* Work order: Restate the full listing word for word and leave the pictures out.

* Material supplied:
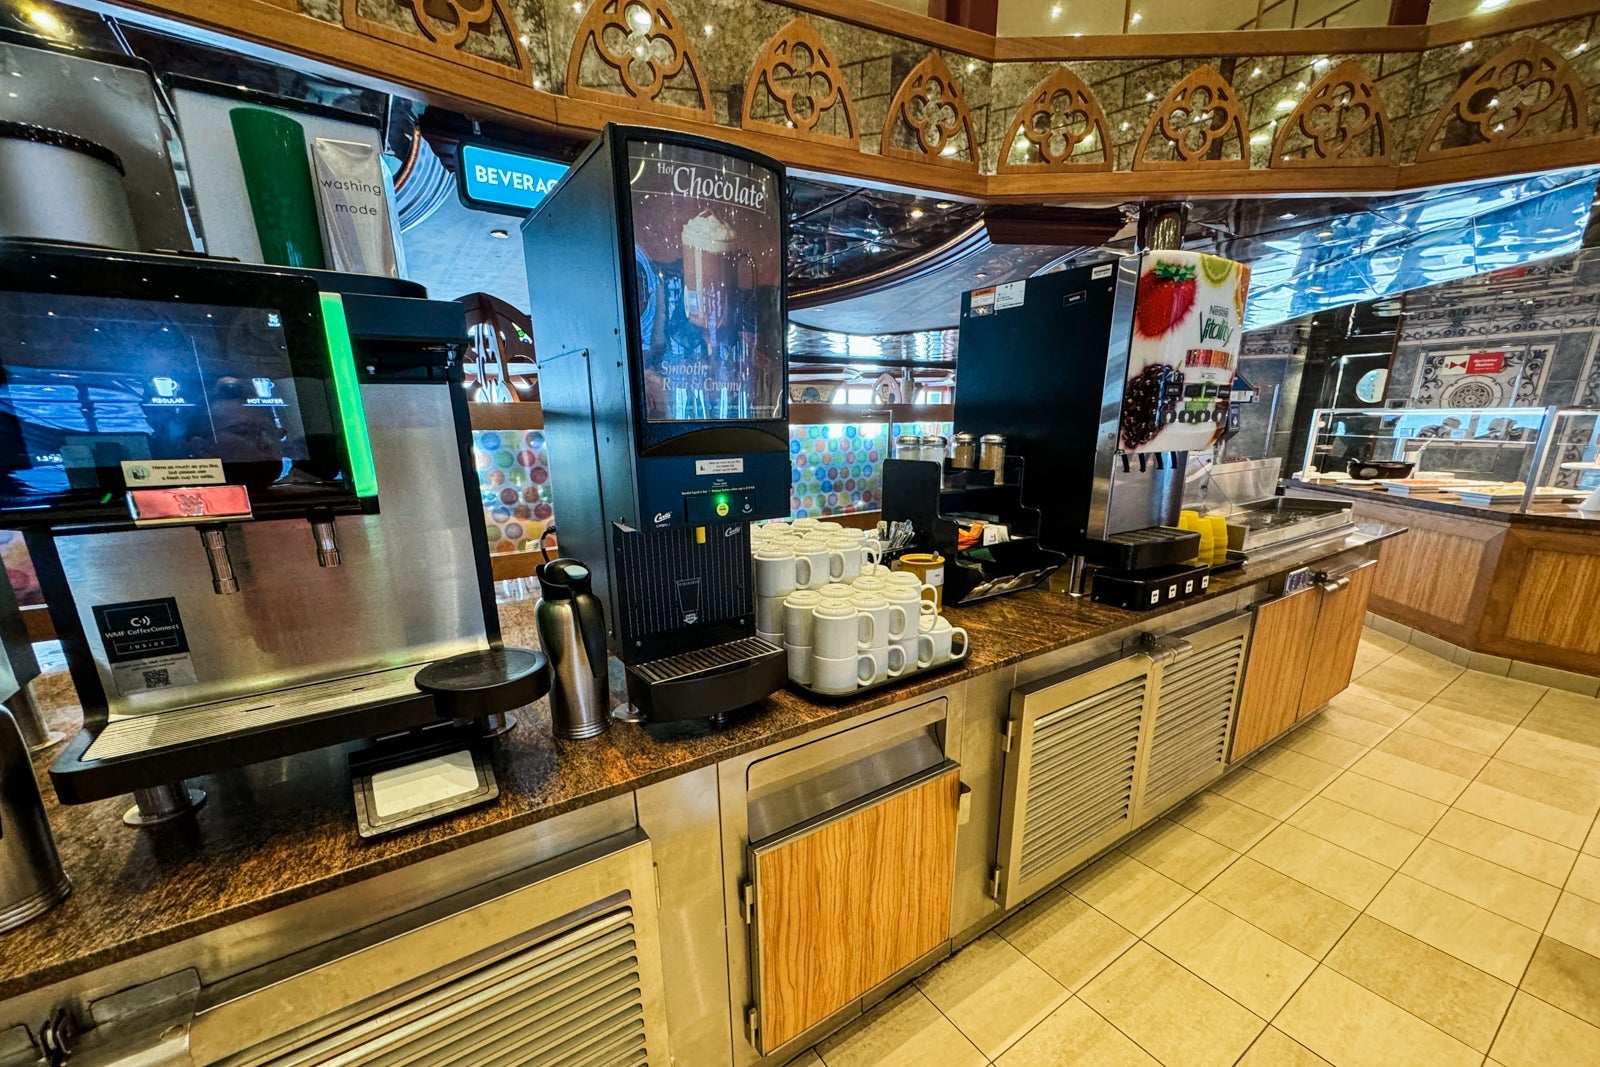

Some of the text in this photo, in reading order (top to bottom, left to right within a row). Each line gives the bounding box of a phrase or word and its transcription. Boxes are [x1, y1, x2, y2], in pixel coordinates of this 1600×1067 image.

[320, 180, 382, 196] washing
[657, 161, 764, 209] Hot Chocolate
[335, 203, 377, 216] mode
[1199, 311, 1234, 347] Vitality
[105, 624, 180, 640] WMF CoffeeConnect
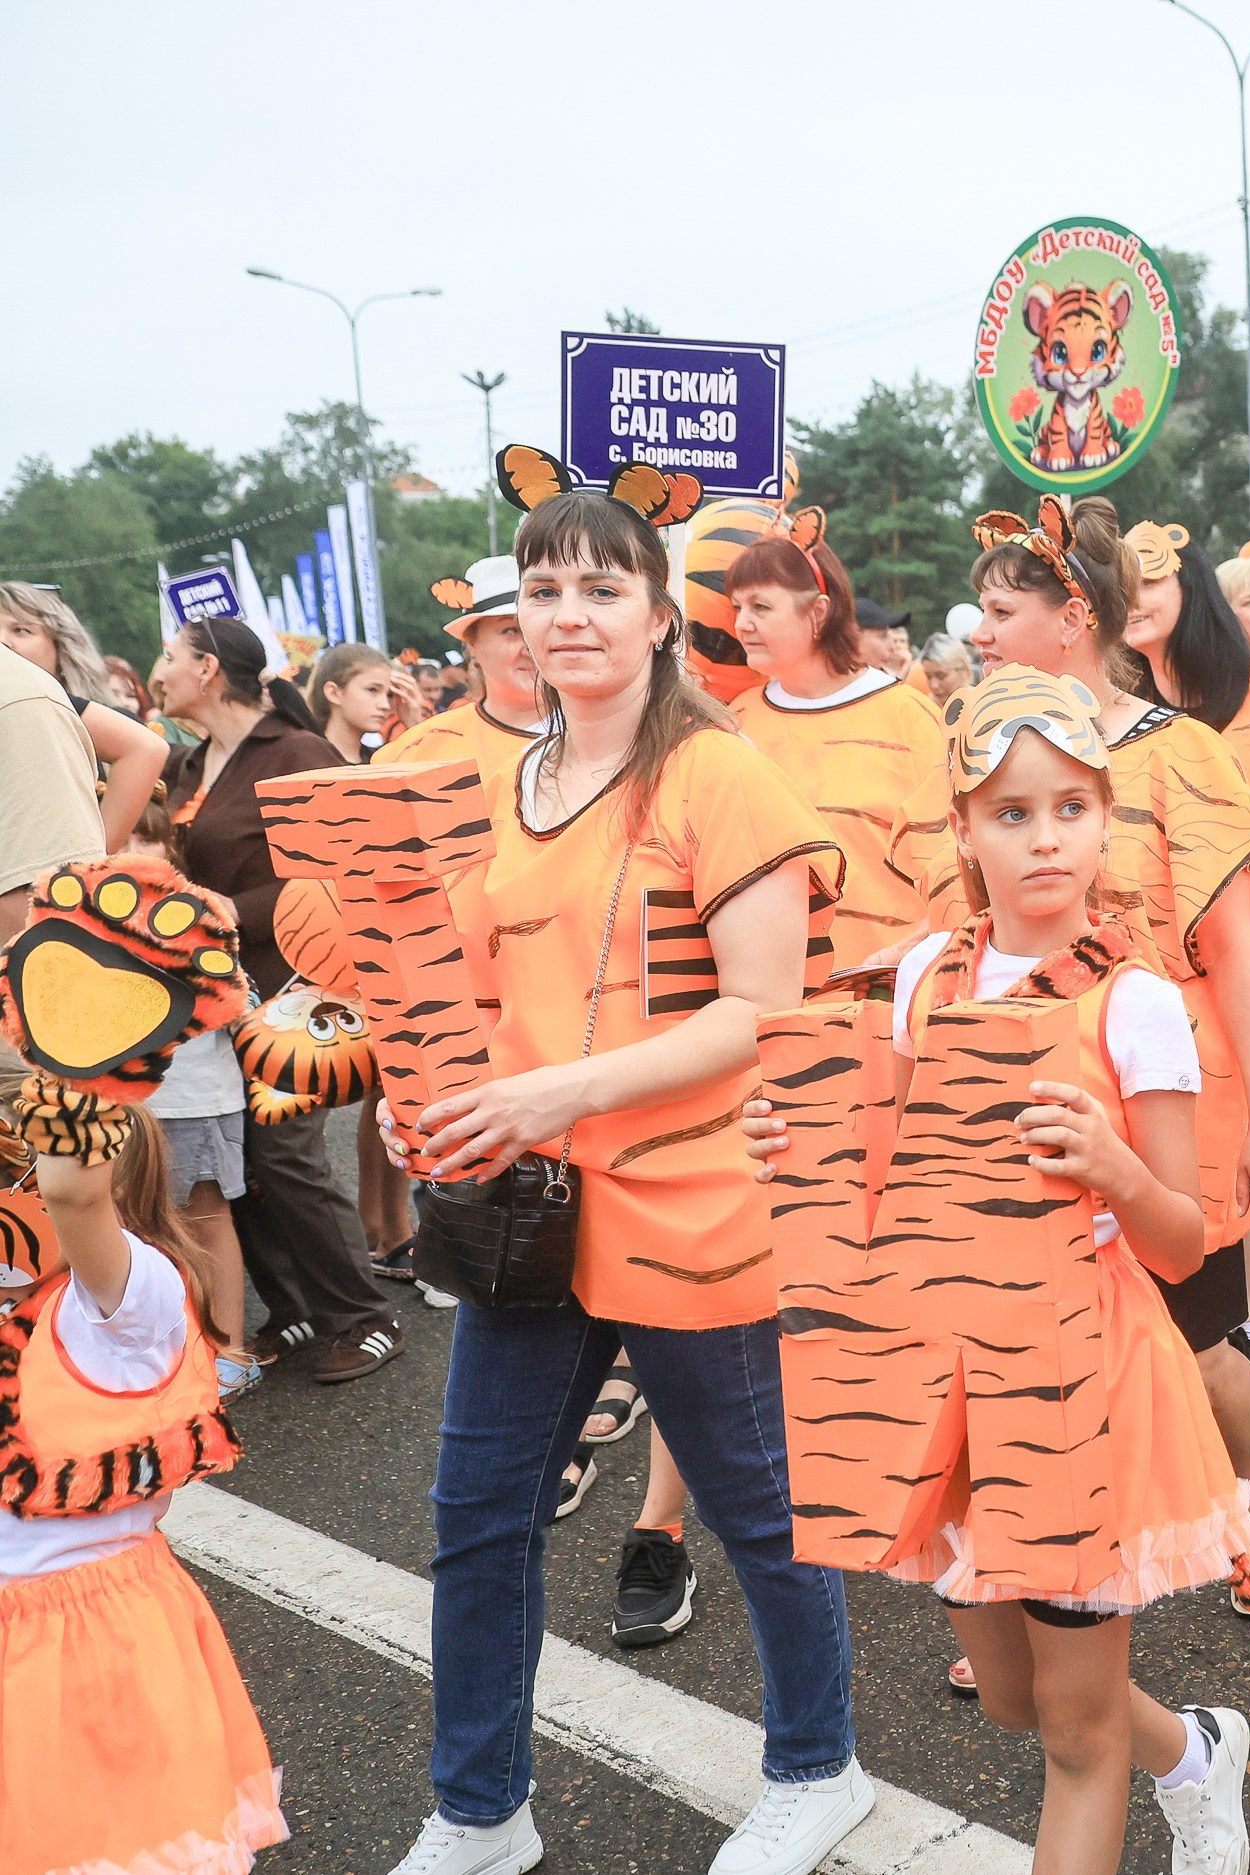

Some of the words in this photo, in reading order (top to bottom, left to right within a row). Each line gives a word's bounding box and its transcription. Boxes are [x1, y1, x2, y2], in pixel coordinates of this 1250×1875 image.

* Completed exercise:
Some of the text in this photo, in reading order (top to bottom, left to right within a row). Each line gives the bounding box of a phrase or word and its transcription. Boxes are [x1, y1, x2, y2], in pixel coordinates of this 1600×1067 image.

[320, 180, 382, 196] washing
[657, 161, 764, 209] Hot Chocolate
[335, 203, 377, 216] mode
[1199, 311, 1234, 347] Vitality
[105, 624, 180, 640] WMF CoffeeConnect

Some of the words in this photo, in reading order (top to bottom, left to right within a row). Each line gives a word's bounding box and its transcription. Boxes are [x1, y1, x2, y2], in pixel coordinates of this 1250×1875 image.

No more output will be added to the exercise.